= Scottish Westminster constituencies 1918 to 1950 =

Provisions of the Representation of the People Act 1918 included reorganisation of representation in the House of Commons of the Parliament of the United Kingdom (Westminster), with new constituency boundaries being first used in the 1918 general election.

In Scotland the legislation defined 32 burgh constituencies, 38 county constituencies and one university constituency.
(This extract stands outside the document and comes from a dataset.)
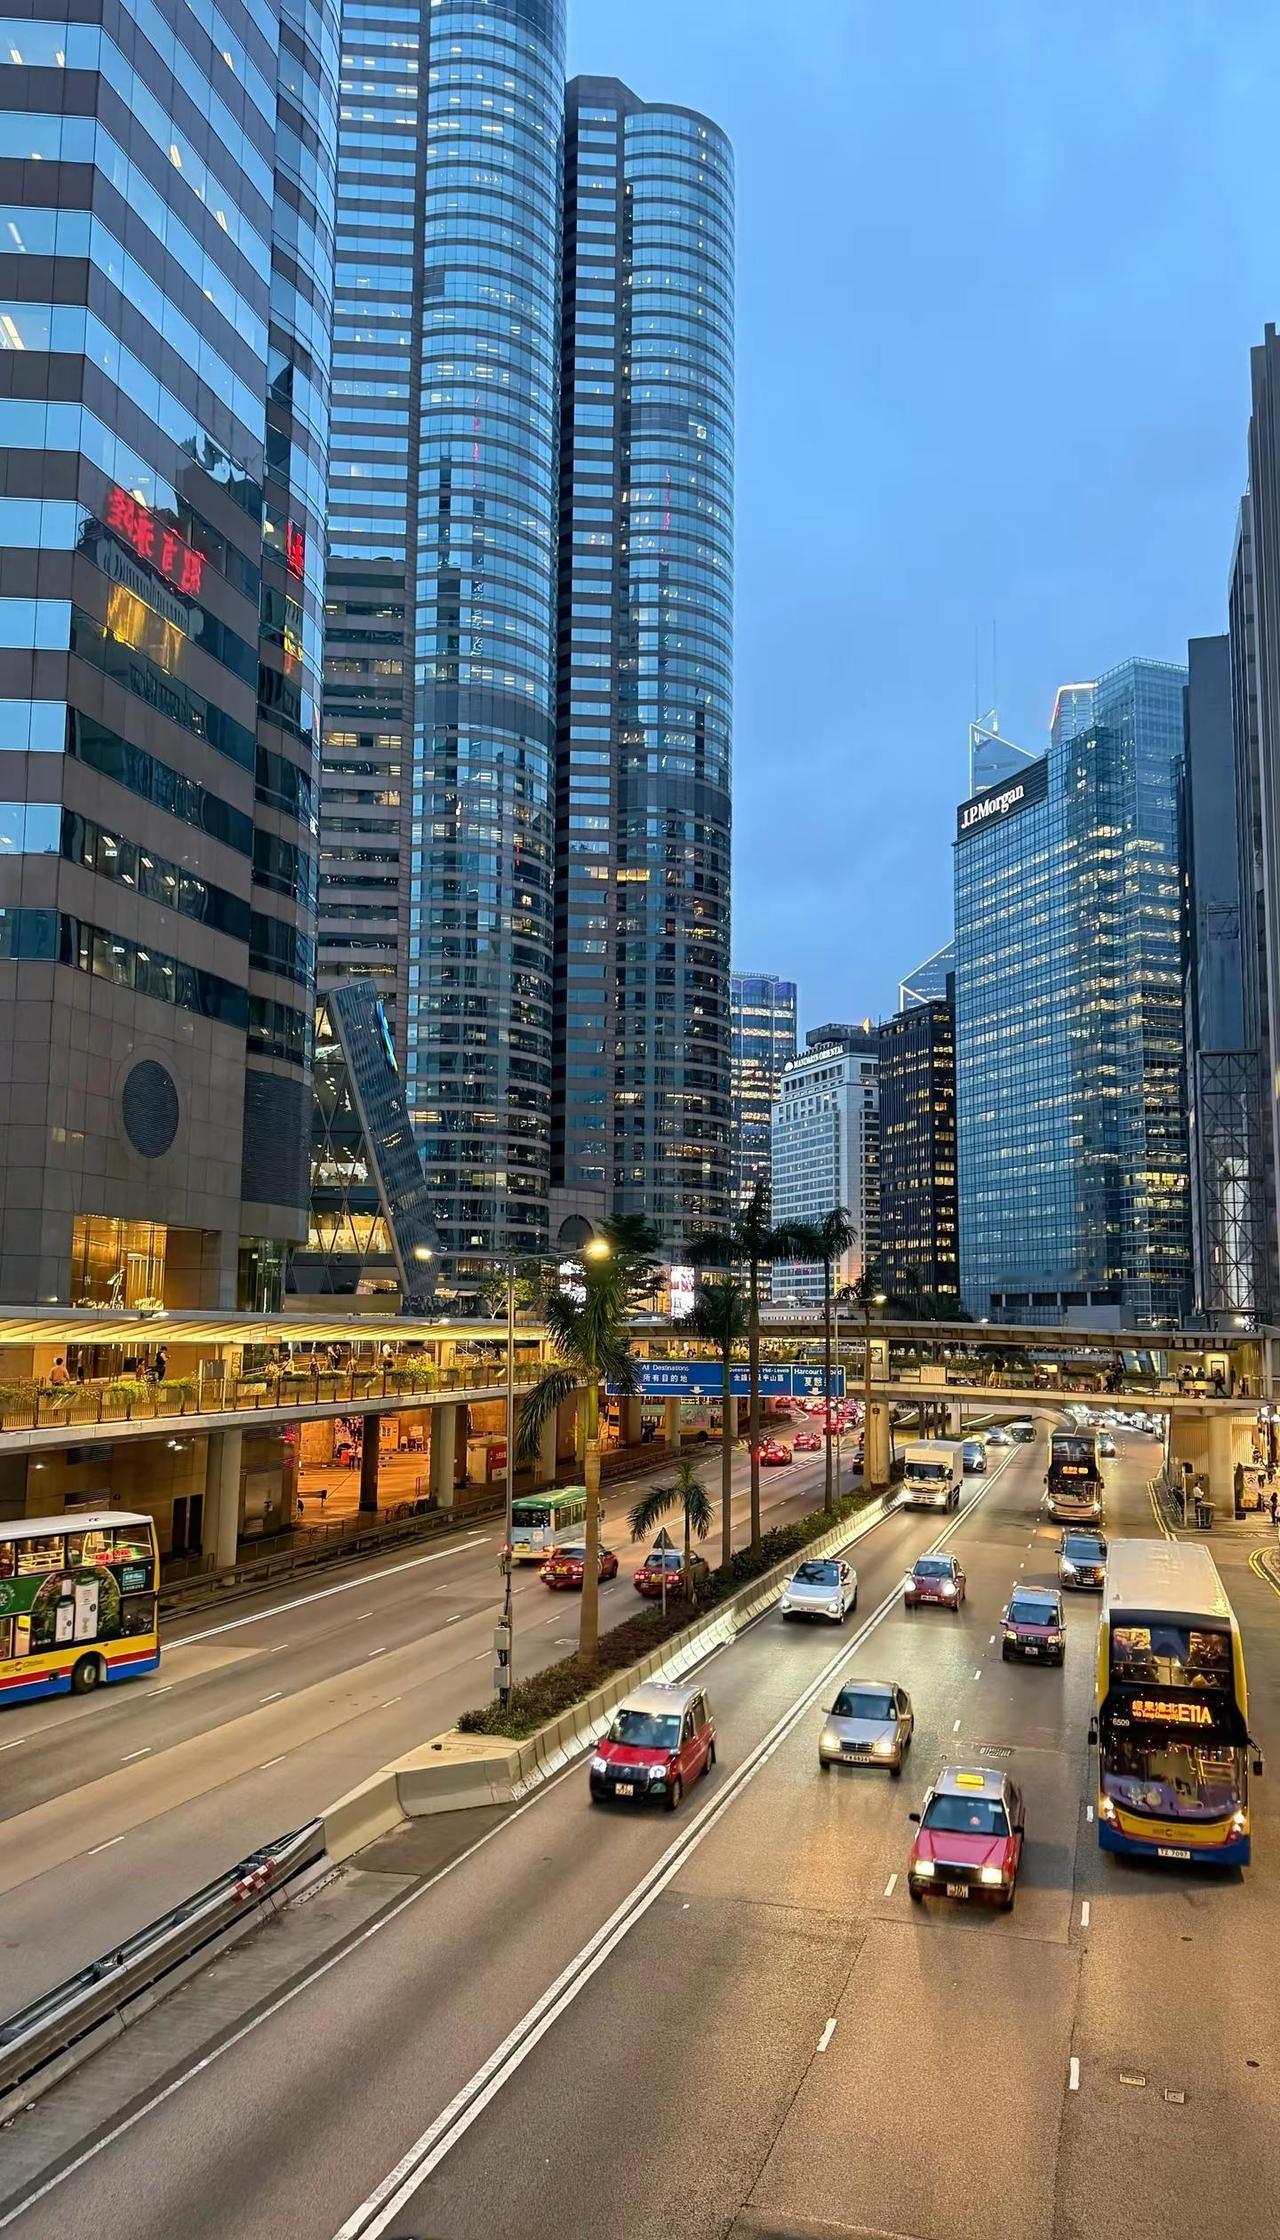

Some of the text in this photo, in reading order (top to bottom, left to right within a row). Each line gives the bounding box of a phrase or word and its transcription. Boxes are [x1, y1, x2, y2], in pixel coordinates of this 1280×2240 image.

One burgh constituency, Dundee, represented seats for two members of parliament (MPs), and the university constituency represented seats for three MPs.

Scottish Westminster constituencies, 1918–1950.

Each of the other constituencies elected one MP. Therefore, the legislation provided parliamentary seats for a total of 74 Scottish MPs.

Constituencies defined by this legislation were used also in the general elections of 1922, 1923, 1924, 1929, 1931, 1935 and 1945.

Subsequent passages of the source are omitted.